AVI’s proposals are modest and should be uncontroversial. They address two technical causes for SK Kaken’s low stock price that can be resolved at no cost.
The first is a 10-for-1 stock split to reduce the prohibitively high minimum trading lot from approximately ¥4,000,000 (the sixth highest trading value among TSE-listed companies) to ¥400,000. This will create greater liquidity and open the company to investment by retail investors who are now effectively excluded.
The second is to cancel 90% of its treasury shares. 14% of outstanding shares are held in treasury, shares that have no business purpose such as possible future M&A or to fund an executive incentive stock plan – SK Kaken has no M&A plans or a stock-based compensation scheme – and serve only to depress the stock price.

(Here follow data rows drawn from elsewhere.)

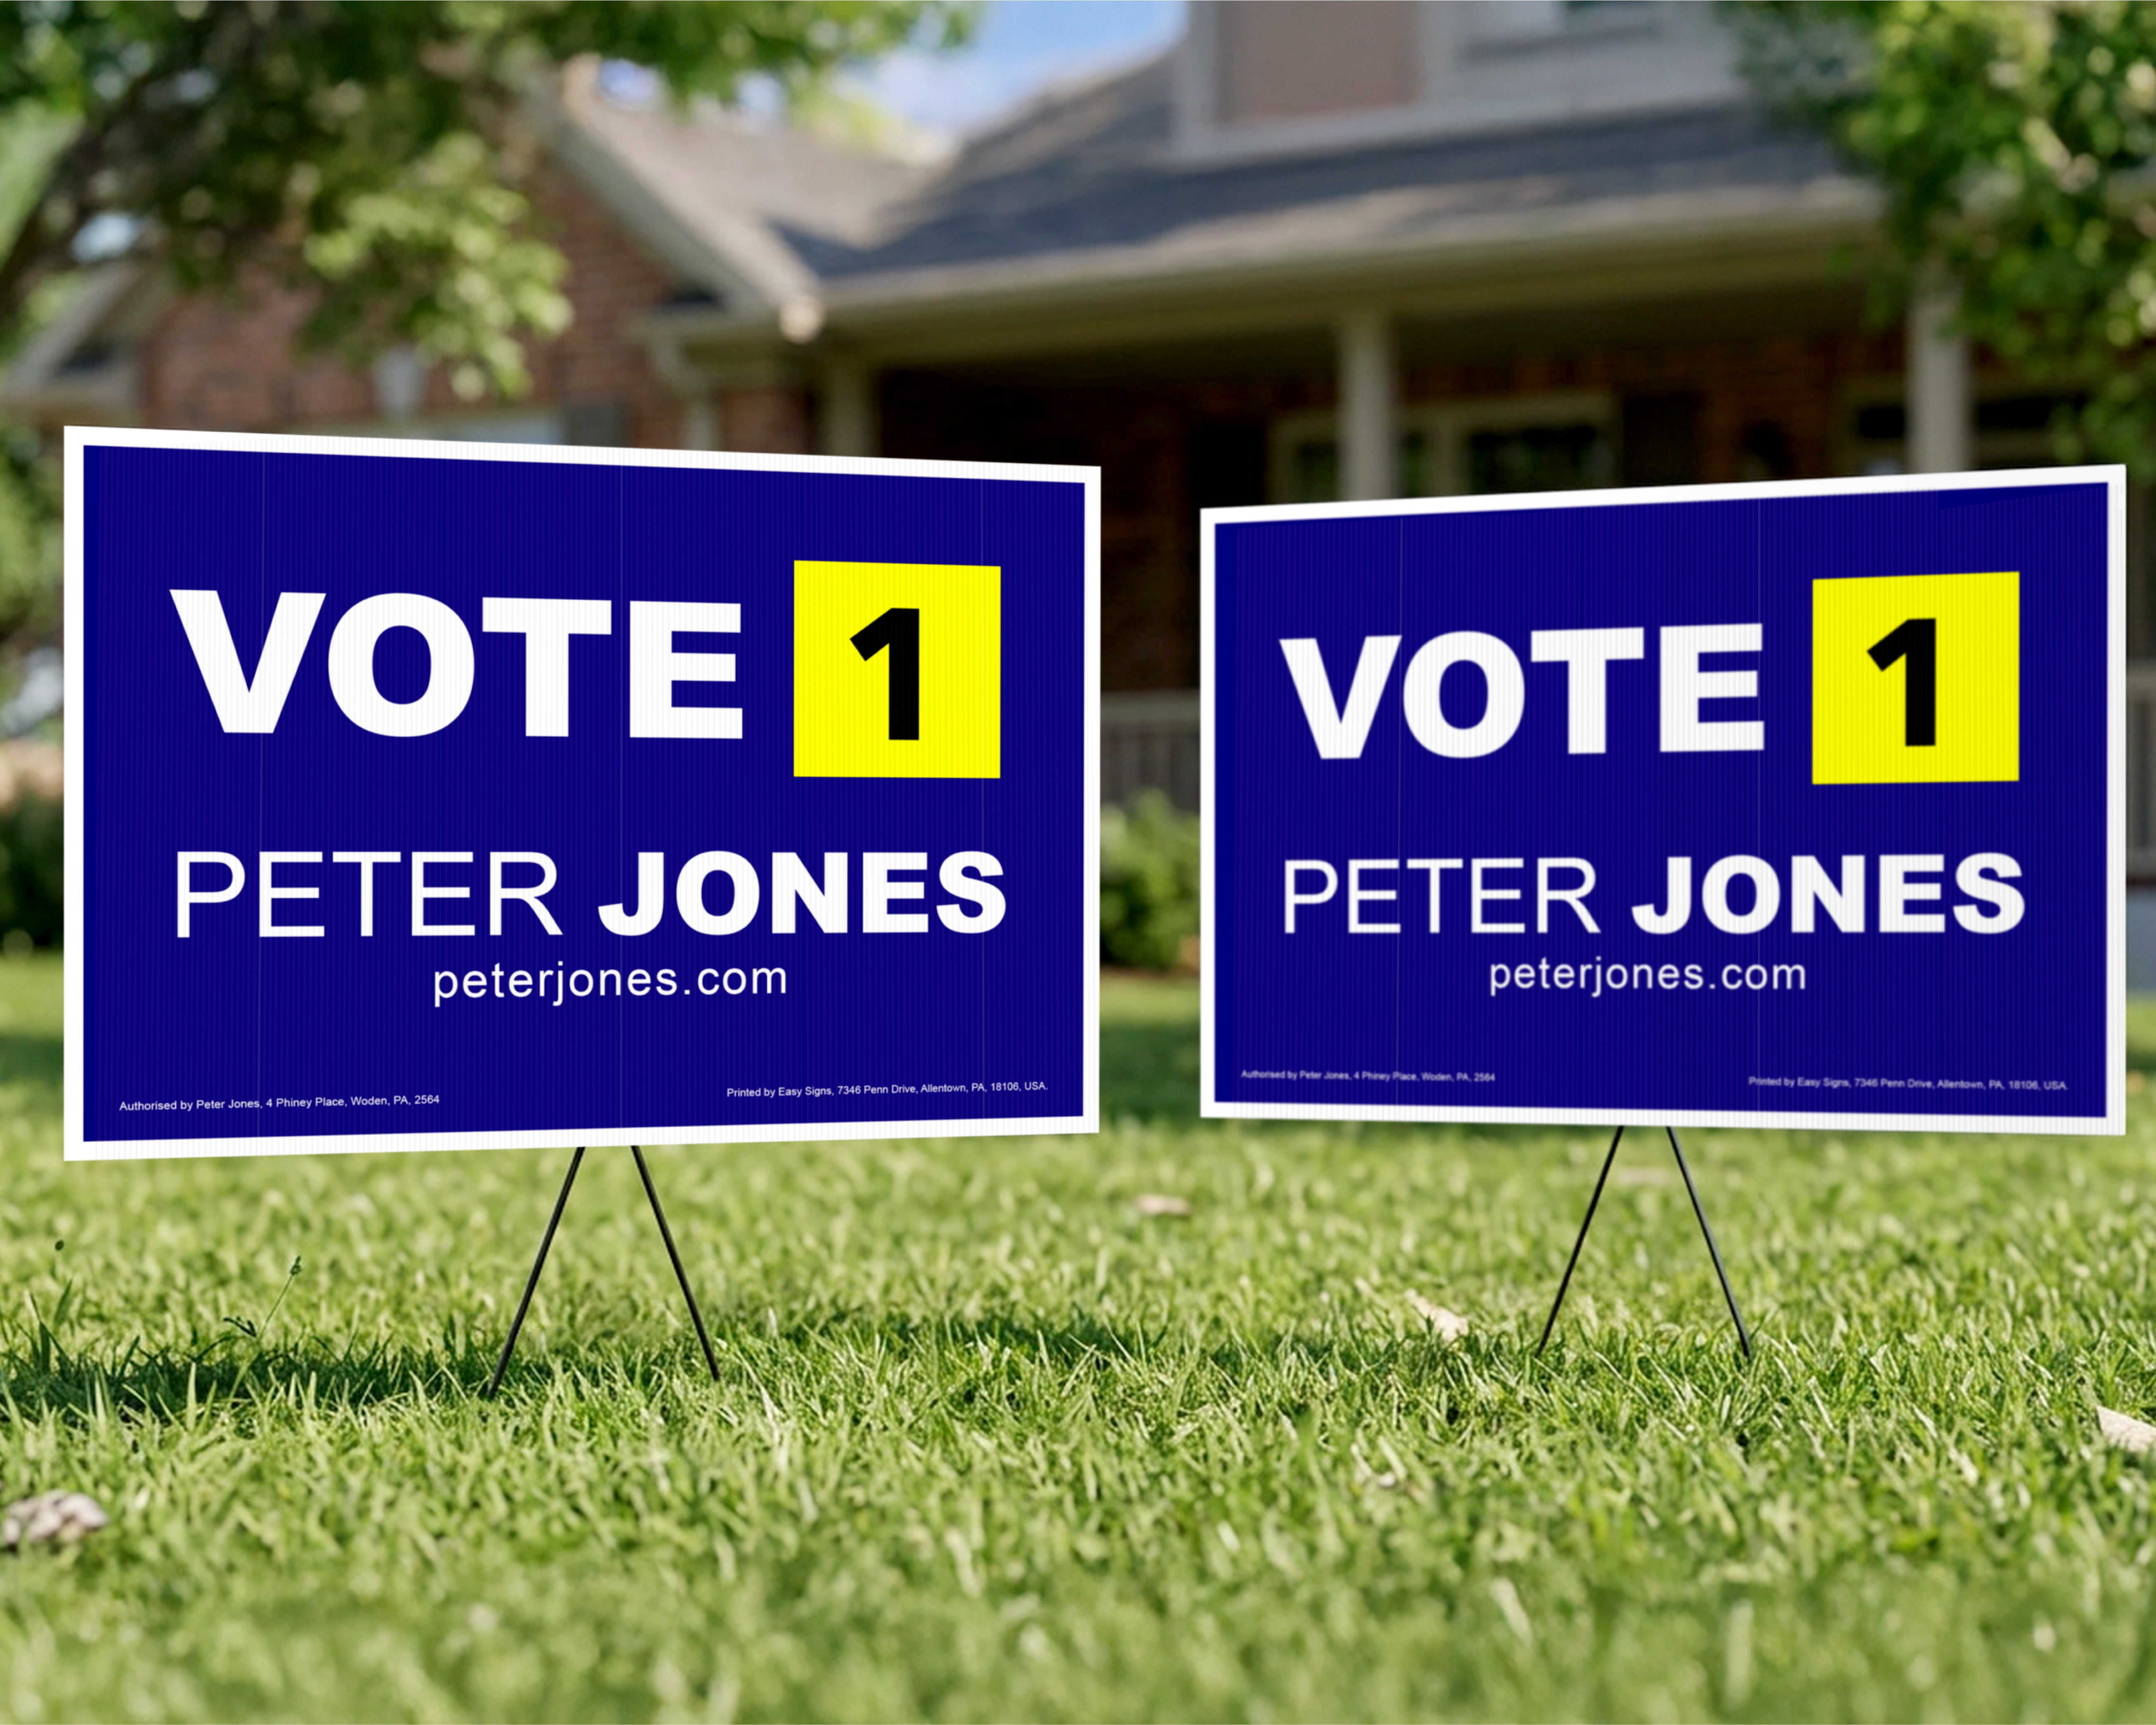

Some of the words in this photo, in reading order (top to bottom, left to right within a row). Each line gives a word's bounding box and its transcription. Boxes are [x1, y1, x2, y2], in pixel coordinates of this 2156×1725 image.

[170, 589, 743, 739] VOTE
[850, 608, 919, 740] 1
[1279, 623, 1764, 759] VOTE
[1868, 619, 1935, 746] 1
[178, 851, 562, 937] PETER
[598, 851, 1006, 936] JONES
[1285, 858, 1600, 933] PETER
[1632, 853, 2024, 934] JONES
[435, 961, 786, 1007] peterjones.com
[1491, 956, 1805, 997] peterjones.com
[727, 1088, 761, 1097] Printed
[764, 1088, 776, 1098] by
[778, 1087, 803, 1098] Easy
[805, 1086, 834, 1097] Signs,
[837, 1085, 861, 1095] 7346
[864, 1085, 889, 1094] Penn
[891, 1084, 918, 1094] Drive,
[920, 1084, 969, 1093] Allentown,
[971, 1083, 987, 1092] PA,
[991, 1082, 1021, 1091] 18106,
[1024, 1081, 1048, 1091] USA.
[1241, 1069, 1286, 1079] Authorised
[1287, 1070, 1298, 1081] by
[1299, 1070, 1322, 1079] Peter
[1324, 1071, 1352, 1081] Jones,
[1353, 1071, 1360, 1080] 4
[1361, 1070, 1391, 1082] Phiney
[1392, 1071, 1419, 1082] Place,
[1421, 1072, 1454, 1081] Woden,
[1456, 1072, 1471, 1082] PA,
[1473, 1072, 1496, 1082] 2564
[1748, 1076, 1782, 1086] Printed
[1783, 1077, 1795, 1088] by
[1797, 1076, 1821, 1088] Easy
[1823, 1077, 1851, 1089] Signs,
[1854, 1077, 1879, 1088] 7346
[1880, 1078, 1906, 1088] Penn
[1907, 1078, 1935, 1089] Drive,
[1937, 1079, 1986, 1090] Allentown,
[1988, 1079, 2005, 1090] PA,
[2009, 1080, 2041, 1091] 18106,
[2043, 1080, 2067, 1091] USA.
[119, 1100, 177, 1111] Authorised
[180, 1100, 193, 1112] by
[196, 1100, 226, 1109] Peter
[228, 1099, 263, 1109] Jones,
[266, 1098, 273, 1108] 4
[276, 1098, 312, 1109] Phiney
[315, 1097, 347, 1107] Place,
[351, 1096, 390, 1106] Woden,
[394, 1095, 411, 1105] PA,
[414, 1095, 440, 1105] 2564
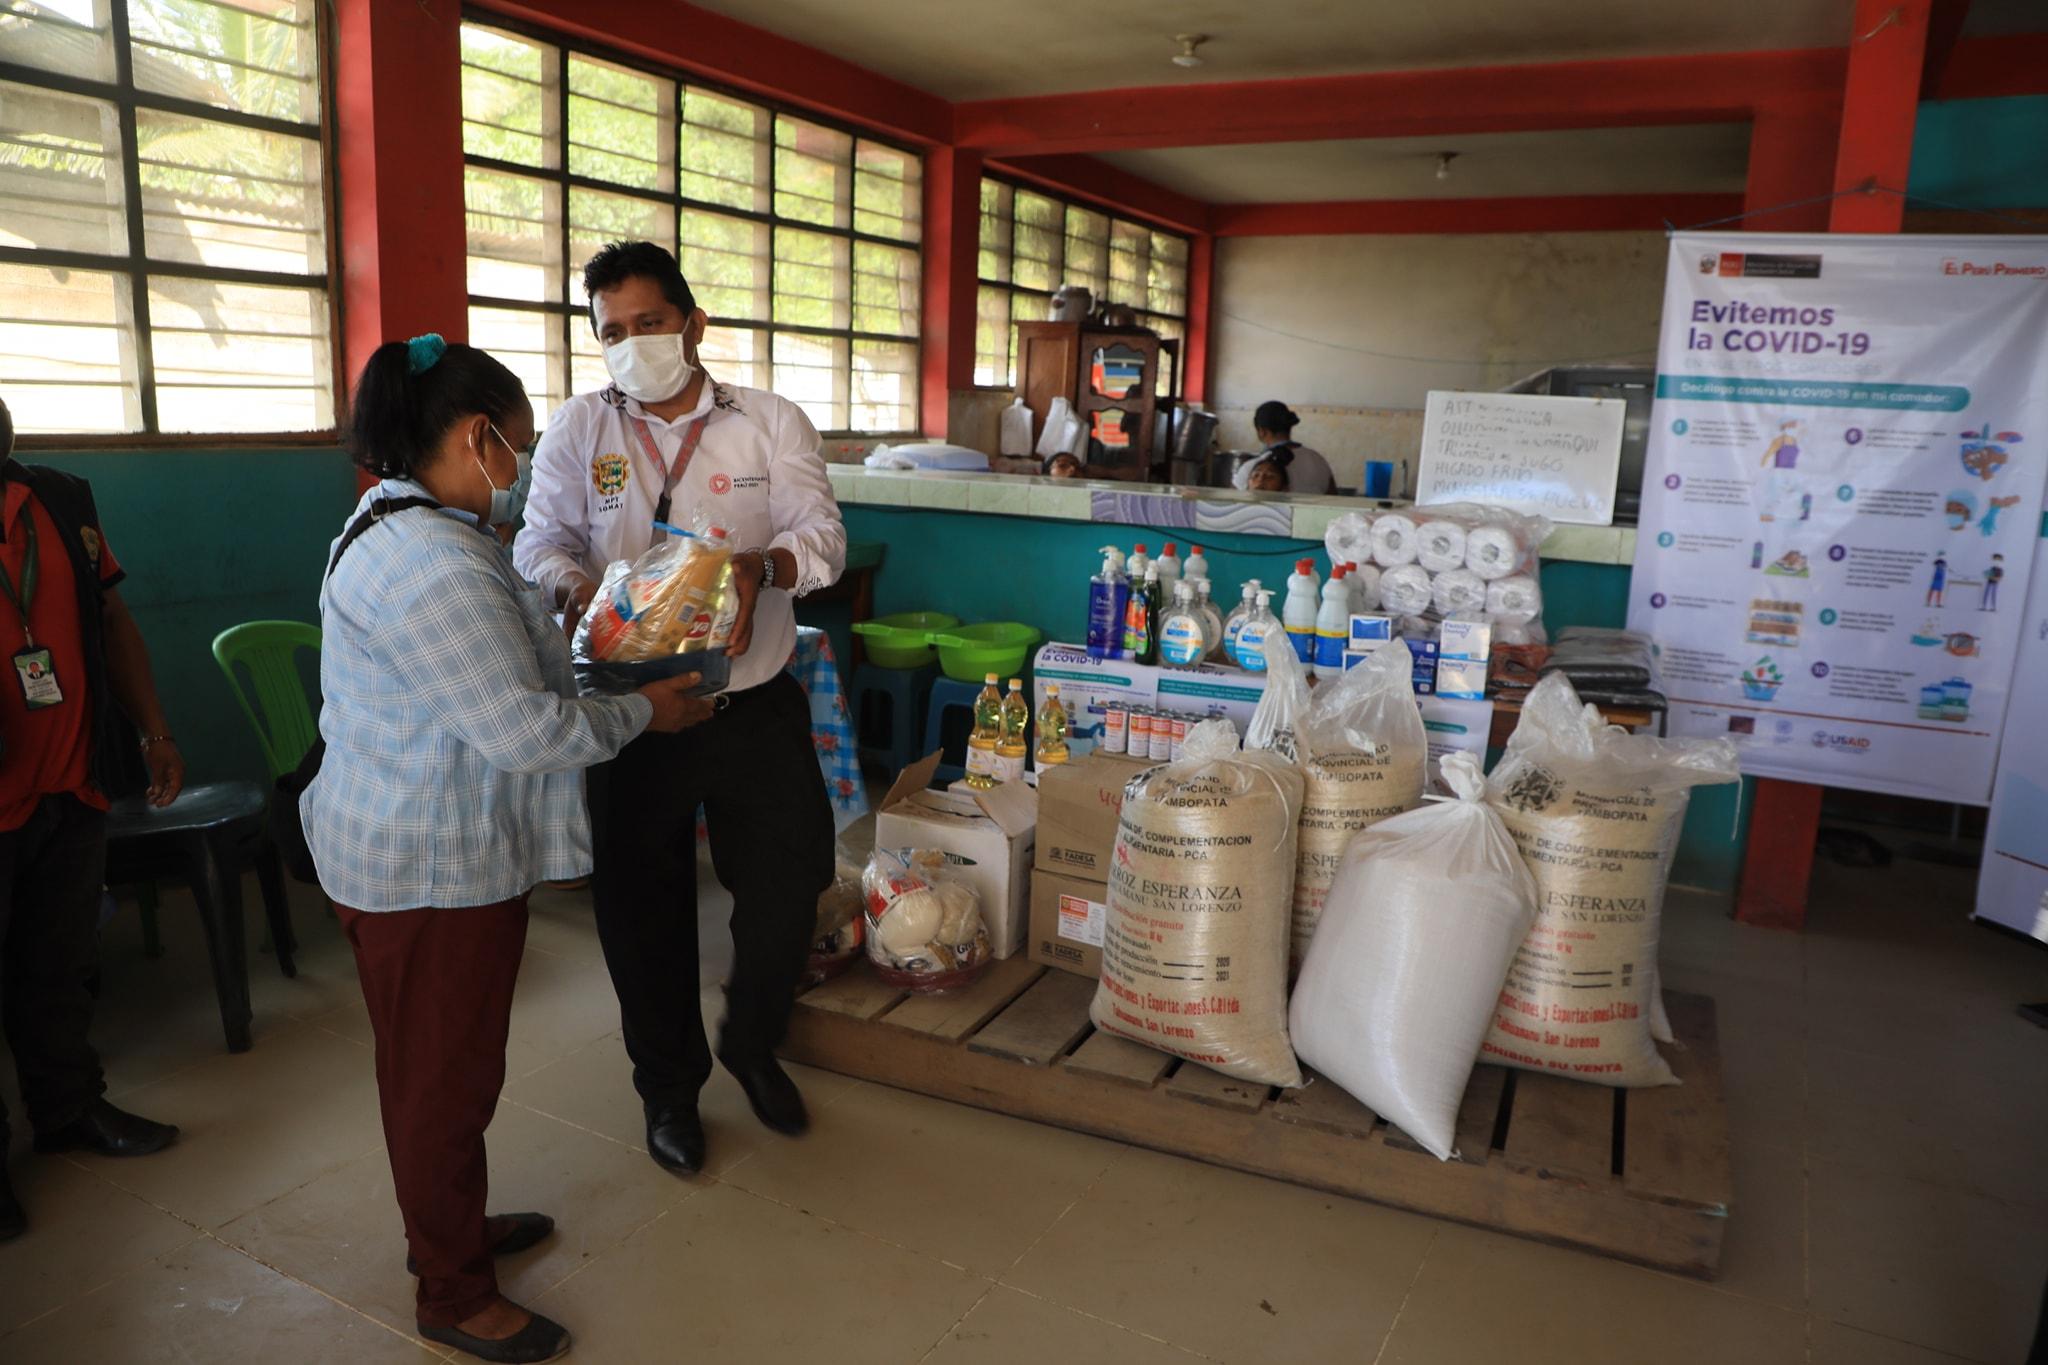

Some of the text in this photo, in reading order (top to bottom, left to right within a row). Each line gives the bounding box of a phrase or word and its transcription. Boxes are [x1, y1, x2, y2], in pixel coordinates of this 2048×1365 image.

[1691, 300, 1835, 327] Evitemos
[1687, 327, 1870, 356] la COVID-19
[1737, 386, 1775, 397] contra
[1344, 821, 1367, 831] PCA
[1145, 831, 1252, 847] COMPLEMENTACION
[1537, 838, 1552, 850] DE
[1184, 849, 1208, 860] PCA
[1600, 861, 1624, 873] PCA
[1142, 878, 1243, 901] ESPERANZA
[1152, 898, 1177, 913] SAN
[1181, 901, 1243, 914] LORENZO
[1548, 891, 1647, 913] ESPERANZA
[1560, 910, 1588, 922] SAN
[1481, 1041, 1544, 1067] OHIBIDA
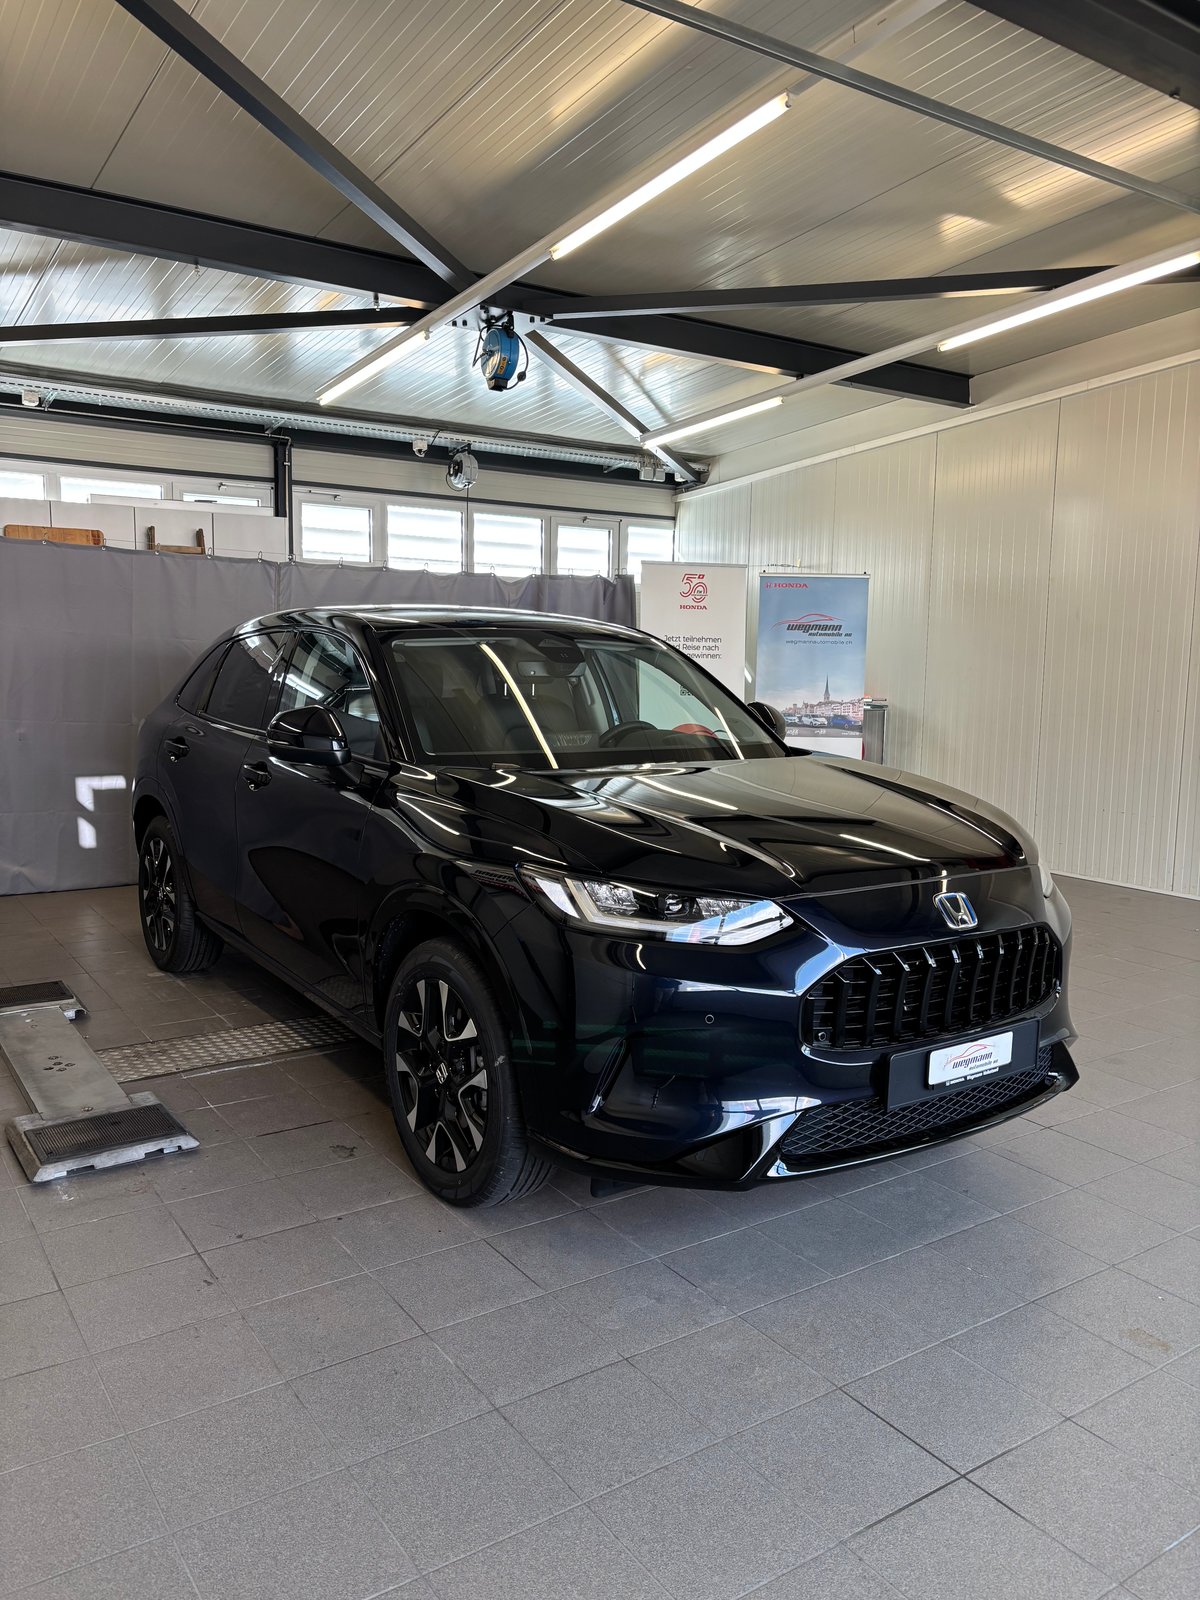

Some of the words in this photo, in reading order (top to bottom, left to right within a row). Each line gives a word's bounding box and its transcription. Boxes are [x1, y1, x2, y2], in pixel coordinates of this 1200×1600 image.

[786, 623, 843, 633] wegmann
[682, 635, 722, 643] teilnehmen
[682, 643, 701, 651] Reise
[952, 1052, 993, 1068] wegmann

These modest and costless proposals to enhance liquidity and SK Kaken’s stock price have been rejected outright by management as have all other proposals offered to date by AVI. AVI are not the only shareholder disappointed with the Company’s treatment of minority shareholders, with only 76% of shareholders supporting the re-election of SK Kaken’s Chairman in 2020, compared to 93% in 2016.
AVI calls on its fellow shareholders to continue to register disapproval of management policies under the influence of a controlling shareholder, who has neglected the interests of minority shareholders for too long, by voting in favour of AVI’s proposals.
We have launched this website to provide information regarding SK Kaken’s neglect of shareholders and welcome dialogue with any stakeholder who would like to discuss our shareholder proposals further.